Loses a couple of points for Codemasters' typical overuse of the sepia filters - I don't want everything to take on a faint yellow/brown tinge - and no proper DX11 support, even though a DirectX 11 setting is clearly there in the config files. It's the year 2010, so it should use 2010 technology; if the system it's running on is DX11-capable that's what the game should use by default, not 9.0c. On top of that, not only does DX11 make the game look nicer, it improves the performance...
8/10
Audio
The cars sound like Formula One cars, so I guess that's something. A pity that apparently only two or three teams were used for sound recording, which inevitably means that half the cars will sound exactly the same.

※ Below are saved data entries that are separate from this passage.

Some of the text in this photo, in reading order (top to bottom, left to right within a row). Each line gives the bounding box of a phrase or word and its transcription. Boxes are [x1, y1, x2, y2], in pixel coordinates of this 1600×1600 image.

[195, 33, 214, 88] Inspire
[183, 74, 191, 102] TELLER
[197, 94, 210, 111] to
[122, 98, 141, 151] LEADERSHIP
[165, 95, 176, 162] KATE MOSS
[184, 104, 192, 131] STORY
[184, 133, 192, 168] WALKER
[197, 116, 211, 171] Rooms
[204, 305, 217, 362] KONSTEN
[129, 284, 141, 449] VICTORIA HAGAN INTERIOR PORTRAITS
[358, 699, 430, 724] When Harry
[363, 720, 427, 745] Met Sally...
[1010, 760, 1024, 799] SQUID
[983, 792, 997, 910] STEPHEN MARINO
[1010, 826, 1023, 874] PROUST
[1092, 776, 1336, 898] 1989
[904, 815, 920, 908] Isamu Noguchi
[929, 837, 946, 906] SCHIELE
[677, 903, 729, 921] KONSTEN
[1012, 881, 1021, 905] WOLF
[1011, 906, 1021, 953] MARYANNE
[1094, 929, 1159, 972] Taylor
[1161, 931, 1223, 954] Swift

Double minus marks for the sound lag, which can only be completely solved by using hardware acceleration - but you can only do that if you have certain sound cards/chipsets. Anyone who doesn't have a Sound Blaster X-Fi based card is SOL: using software acceleration reduces the sound lag, but it also reduces game performance.
5/10
Gameplay
First, the good: on the whole, the racing itself is rather enjoyable. The AI is usually pretty smart, unlike in other racing games (I'm looking at you two, rFactor and Gran Turismo).

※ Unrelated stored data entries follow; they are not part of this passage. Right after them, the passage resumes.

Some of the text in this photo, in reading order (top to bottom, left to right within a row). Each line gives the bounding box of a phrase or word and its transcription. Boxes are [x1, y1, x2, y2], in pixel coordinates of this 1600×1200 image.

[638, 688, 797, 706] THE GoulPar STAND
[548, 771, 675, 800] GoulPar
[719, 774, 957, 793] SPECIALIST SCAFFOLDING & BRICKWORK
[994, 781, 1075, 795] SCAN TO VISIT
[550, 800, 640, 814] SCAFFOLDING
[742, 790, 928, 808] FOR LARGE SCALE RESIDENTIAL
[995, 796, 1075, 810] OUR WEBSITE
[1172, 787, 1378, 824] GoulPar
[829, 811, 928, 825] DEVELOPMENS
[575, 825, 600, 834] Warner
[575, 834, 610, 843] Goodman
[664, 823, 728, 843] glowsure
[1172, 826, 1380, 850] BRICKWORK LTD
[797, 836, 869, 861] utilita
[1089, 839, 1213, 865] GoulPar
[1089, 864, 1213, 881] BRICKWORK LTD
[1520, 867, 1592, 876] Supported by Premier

Now, the bad: the pitstop bug. Intermediates are useless, as slicks are faster in light rain. The obnoxious penalty system, handing you a drive-through for giving someone's rear wheel the faintest of touches. No safety car. The physics... or lack thereof. The cars handle fine, but overall the cars drive a bit too arcadey for my liking; a bit more unpredictability would've been nice. Using a custom button mapping for your wheel disables the use of your wheel's d-pad in the game menus -- very frustrating, as I have to press a button on the G27 shifter unit to bring up the pause screen, but the arrow keys and Esc on my keyboard to actually navigate and close it. On top of all that, the menu setup is annoying as hell.
So a lot of minus marks, and not many plus points.
4/10 (if the racing wasn't somewhat fun, this would've been an easy 2/10)
Longevity
I bought this game hoping it would keep me occupied until GT5 comes out, but after about three hours of playtime I'm already a bit bored with it. The option of 5- and 7-year careers helps the game's longevity, but once you've done at least one of each and won the WDC more times than Michael Schumacher, what else is there to do? Multiplayer offers increased replay value, but unless you're racing with mates you'll likely bore of that eventually too. Complete absence of any other year of cars hurts in a big way - I remember F1 05 (on the PS2) had unlockable rares such as the FW11 Williams, John Player Lotus; in F1 2010, there's no real incentive to keep playing once you've got all the achievements as there are no unlockable cars or tracks.
6/10 (5- and 7-year careers help the score, as does multiplayer; but the game doesn't have an infinite lifespan)
Overall
6/10 - it had/has potential (and is likely to be enjoyable if you're after an out-and-out arcade racer), but glaring omissions - no safety car, no manual pit-lane control, no actual AI in qualifying - and rather significant bugs - the pitstop bug, the screwed up race timings, sound lag - severely detract from the experience. Plus it uses Games for Windows Live on PC, which is evil. Add half a point for the console versions, which obviously don't suffer from the sound lag and menu d-pad issues.
Worth a: rent. In its present state (ie with more bugs and issues than swiss cheese has holes), I can't really recommend buying F1 2010 unless you're an absolute F1 junkie.
In future, any (new) F1 I play will be in rFactor 2.